[Items from a dataset]
━━━━━━━━━━━━━━━━
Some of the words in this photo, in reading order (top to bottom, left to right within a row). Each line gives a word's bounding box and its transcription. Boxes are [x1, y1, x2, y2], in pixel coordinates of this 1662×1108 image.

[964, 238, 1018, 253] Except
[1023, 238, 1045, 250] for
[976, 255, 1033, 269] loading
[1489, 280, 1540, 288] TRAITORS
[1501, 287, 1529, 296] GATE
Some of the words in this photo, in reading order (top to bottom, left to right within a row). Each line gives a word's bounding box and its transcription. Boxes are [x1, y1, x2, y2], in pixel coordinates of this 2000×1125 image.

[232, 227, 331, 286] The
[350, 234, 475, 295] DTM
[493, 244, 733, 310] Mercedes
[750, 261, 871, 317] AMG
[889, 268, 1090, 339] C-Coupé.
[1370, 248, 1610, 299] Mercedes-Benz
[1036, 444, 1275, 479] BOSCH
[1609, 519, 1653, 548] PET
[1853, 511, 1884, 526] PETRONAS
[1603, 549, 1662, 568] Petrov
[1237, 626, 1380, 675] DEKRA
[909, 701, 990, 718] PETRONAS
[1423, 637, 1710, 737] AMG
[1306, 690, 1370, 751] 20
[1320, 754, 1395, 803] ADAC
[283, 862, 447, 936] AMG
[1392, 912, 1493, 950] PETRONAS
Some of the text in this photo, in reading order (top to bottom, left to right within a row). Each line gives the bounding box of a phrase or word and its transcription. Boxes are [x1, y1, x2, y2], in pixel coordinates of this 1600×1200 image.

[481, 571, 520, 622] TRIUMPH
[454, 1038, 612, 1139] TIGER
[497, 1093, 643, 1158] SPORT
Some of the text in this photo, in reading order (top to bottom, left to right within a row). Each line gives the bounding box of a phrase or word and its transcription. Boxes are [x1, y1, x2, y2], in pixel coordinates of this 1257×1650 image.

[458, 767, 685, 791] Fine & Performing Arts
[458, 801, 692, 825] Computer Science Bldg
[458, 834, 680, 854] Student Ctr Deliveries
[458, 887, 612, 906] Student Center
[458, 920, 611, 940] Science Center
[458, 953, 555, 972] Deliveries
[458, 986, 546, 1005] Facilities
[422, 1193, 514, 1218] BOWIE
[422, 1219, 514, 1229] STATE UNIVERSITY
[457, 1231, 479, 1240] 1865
━━━━━━━━━━━━━━━━
■ About this task ■
Retype the records in their entirety, matching each one exactly.

■ Answer to the problem ■
Some of the words in this photo, in reading order (top to bottom, left to right within a row). Each line gives a word's bounding box and its transcription. Boxes are [x1, y1, x2, y2], in pixel coordinates of this 1662×1108 image.

[964, 238, 1018, 253] Except
[1023, 238, 1045, 250] for
[976, 255, 1033, 269] loading
[1489, 280, 1540, 288] TRAITORS
[1501, 287, 1529, 296] GATE
Some of the words in this photo, in reading order (top to bottom, left to right within a row). Each line gives a word's bounding box and its transcription. Boxes are [x1, y1, x2, y2], in pixel coordinates of this 2000×1125 image.

[232, 227, 331, 286] The
[350, 234, 475, 295] DTM
[493, 244, 733, 310] Mercedes
[750, 261, 871, 317] AMG
[889, 268, 1090, 339] C-Coupé.
[1370, 248, 1610, 299] Mercedes-Benz
[1036, 444, 1275, 479] BOSCH
[1609, 519, 1653, 548] PET
[1853, 511, 1884, 526] PETRONAS
[1603, 549, 1662, 568] Petrov
[1237, 626, 1380, 675] DEKRA
[909, 701, 990, 718] PETRONAS
[1423, 637, 1710, 737] AMG
[1306, 690, 1370, 751] 20
[1320, 754, 1395, 803] ADAC
[283, 862, 447, 936] AMG
[1392, 912, 1493, 950] PETRONAS
Some of the text in this photo, in reading order (top to bottom, left to right within a row). Each line gives the bounding box of a phrase or word and its transcription. Boxes are [x1, y1, x2, y2], in pixel coordinates of this 1600×1200 image.

[481, 571, 520, 622] TRIUMPH
[454, 1038, 612, 1139] TIGER
[497, 1093, 643, 1158] SPORT
Some of the text in this photo, in reading order (top to bottom, left to right within a row). Each line gives the bounding box of a phrase or word and its transcription. Boxes are [x1, y1, x2, y2], in pixel coordinates of this 1257×1650 image.

[458, 767, 685, 791] Fine & Performing Arts
[458, 801, 692, 825] Computer Science Bldg
[458, 834, 680, 854] Student Ctr Deliveries
[458, 887, 612, 906] Student Center
[458, 920, 611, 940] Science Center
[458, 953, 555, 972] Deliveries
[458, 986, 546, 1005] Facilities
[422, 1193, 514, 1218] BOWIE
[422, 1219, 514, 1229] STATE UNIVERSITY
[457, 1231, 479, 1240] 1865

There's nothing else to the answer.